Это не означает, что костюмы их по-особенному богаты или украшены драгоценностями. Если можно было бы на какой-нибудь настоящей сцене воссоздать с точностью оттенки и очертания придуманных Ватто костюмов, это было бы прекраснейшее из всех возможных зрелищ. Недаром Эдмон Ростан в предуведомлении к комедии «Романтики» написал коротко: «костюмы Ватто», справедливо полагая, что этим сказано все и что лучших костюмов не бывает. Но впечатление от костюмов в картине зависит в большой степени от их сочетания, от той единственной, сотворенной фантазией художника точной мизансцены, где все, до мельчайшего блика на шелке платья, находится на единственно необходимом месте, чем и создается окончательная гармония.
Самое же любопытное, что так материально написанные одежды, костюмы, будто символизирующие галантный восемнадцатый век, едва ли в точности похожи на костюмы, которые тогда действительно носили.
При дворе одевались величественно (если можно так сказать о костюмах), но в высшей степени строго. Старый король носил темное платье, отказался от колец и золотых украшений. Драгоценные камни оставались лишь на его башмаках и подвязках, что должно было выражать королевское к ним презрение. Лишь самым знатным вельможам позволялось носить нарядные цветные костюмы, но мало кто решался спорить своей одеждой с демонстративной скромностью государя. Голубые ливреи королевских слуг и гвардейские мундиры одни нарушали однообразие версальских залов.
К тому же костюмы имели резкий, четкий силуэт: кафтаны с широчайшими твердыми полами, у дам платья тоже были скорее жестких и сложных, нежели мягких, живописных очертаний. В Париже одевались наряднее и смелее, чем в Версале, но никому еще не была ведома пленительная легкость и живописность костюмов Ватто.
Конечно, созданием новой моды художник не занимался, вряд ли стал бы он изобретать несуществующие костюмы. Что-то приходило в его полотна со сцены — разумеется, не из спектаклей «собственных актеров короля». И, парадоксально соединенные, похожие и непохожие на те, что носили элегантные дамы и светские щеголи, возникали в искусстве Ватто только его миру присущие одежды.
Разговор о покрое камзолов и платьев, право же, не праздный в нашей книге. Ведь более чем вероятно, что ленивая непринужденность поз, приходившая на смену торжественной чопорности, подсказывала живописцу соответственные изменения костюма. И ревнители смелой новизны чувствовали в его картинах зримую поддержку совсем еще неясным своим устремлениям.

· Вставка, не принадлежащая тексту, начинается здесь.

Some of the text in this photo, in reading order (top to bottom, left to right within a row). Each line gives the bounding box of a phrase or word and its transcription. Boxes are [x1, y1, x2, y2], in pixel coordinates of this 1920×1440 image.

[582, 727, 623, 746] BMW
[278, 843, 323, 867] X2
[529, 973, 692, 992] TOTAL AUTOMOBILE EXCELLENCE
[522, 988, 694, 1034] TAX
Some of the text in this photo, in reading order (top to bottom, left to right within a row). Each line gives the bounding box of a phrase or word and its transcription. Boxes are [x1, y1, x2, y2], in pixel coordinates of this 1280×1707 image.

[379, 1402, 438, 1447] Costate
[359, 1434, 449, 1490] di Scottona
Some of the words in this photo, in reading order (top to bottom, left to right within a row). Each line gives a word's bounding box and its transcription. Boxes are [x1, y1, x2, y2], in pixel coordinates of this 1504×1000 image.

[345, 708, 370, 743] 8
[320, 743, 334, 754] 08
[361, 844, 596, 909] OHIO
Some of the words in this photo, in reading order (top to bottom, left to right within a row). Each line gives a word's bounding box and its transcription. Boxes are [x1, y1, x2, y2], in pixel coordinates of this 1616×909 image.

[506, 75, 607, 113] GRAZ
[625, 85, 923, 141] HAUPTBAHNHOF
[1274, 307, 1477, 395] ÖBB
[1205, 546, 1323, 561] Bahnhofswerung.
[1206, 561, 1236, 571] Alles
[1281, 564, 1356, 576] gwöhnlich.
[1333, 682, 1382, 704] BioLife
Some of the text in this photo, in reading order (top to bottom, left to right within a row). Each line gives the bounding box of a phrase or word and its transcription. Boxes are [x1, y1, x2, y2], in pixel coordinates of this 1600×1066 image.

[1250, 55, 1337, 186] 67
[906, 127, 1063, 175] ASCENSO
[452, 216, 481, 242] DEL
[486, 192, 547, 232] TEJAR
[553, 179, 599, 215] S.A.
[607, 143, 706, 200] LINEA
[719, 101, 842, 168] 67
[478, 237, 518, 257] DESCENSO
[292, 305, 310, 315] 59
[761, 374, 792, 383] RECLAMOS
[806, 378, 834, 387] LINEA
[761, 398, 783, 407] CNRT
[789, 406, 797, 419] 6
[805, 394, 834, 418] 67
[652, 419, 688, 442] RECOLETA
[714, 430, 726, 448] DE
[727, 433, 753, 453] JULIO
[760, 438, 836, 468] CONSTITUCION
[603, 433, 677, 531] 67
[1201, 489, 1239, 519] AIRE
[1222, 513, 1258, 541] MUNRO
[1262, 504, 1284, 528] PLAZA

Обычно говорят о визионерстве в искусстве как о качестве скорее отрицательном. Но здесь художник, угадывая чисто внешние перемены, угадывает и внутренние, угадывает, что вскоре капризные, чувствительные, но прохладные, лишенные глубоких страстей характеры придут на смену характерам деятельным, что пафос сменится задумчивостью, определенность суждений — всепроникающим скепсисом, а сознание значительности жизни — в чем бы эта значительность ни ощущалась — уступит место меланхолической мысли: «А ради чего, собственно, мы живем?»
И постепенно под кистью Ватто бездумные у его коллег сюжеты наполнялись не только большей сложностью чувств, но и серьезным раздумьем, не говоря уже о куда более совершенной живописи нашего художника.
Искусство Ватто угодило как раз в ту паузу интеллектуальной истории, когда ирония и разочарованность оставались единственной реальностью, поскольку позитивные надежды и убеждения только начинали формироваться. С литературой дело обстояло иначе — сама ее действенность предполагала наличие если и не доброго, то активного скептического начала, разрушавшего зло или хотя бы его разоблачавшего.
Ватто же ничего не изобличал.
Ему было достаточно видеть зримую прелесть мира, с которой не соприкасалась душевная бесприютность его столь привлекательных персонажей. Его герои не задают жизни серьезных вопросов, не верят в настоящее и тем более в будущее, они предпочитают данный конкретный миг, который, во всяком случае, можно провести достаточно приятно. На большее его персонажи не претендуют, процесс жизни — достаточная пища для их душ, и сам Обольститель не так уж озабочен результатом своих домогательств: нет в этой жизни ничего, способного испепелить душу, нет великих радостей или великих страданий. Что бы ни случилось завтра, через час или через минуту, немало приятного и в этом мгновении: тают в глубине лужайки искусно и небрежно взятые аккорды гитары, вечерний лес и духи прелестных дам услаждают обоняние, в глазах их привычное скучающее кокетство; возможно, вспыхнет между Соблазнителем и мужчиной в плаще — не ссора, нет, но, скажем, несколько раздраженный, но главное, остроумный диалог.
Читатель вправе усомниться — стоит ли наделять персонажей столь малодейственной картинки сколько-нибудь конкретными чувствами, ведь не жанры же писал Ватто, не писал сложных ситуаций и тем более сложных характеров.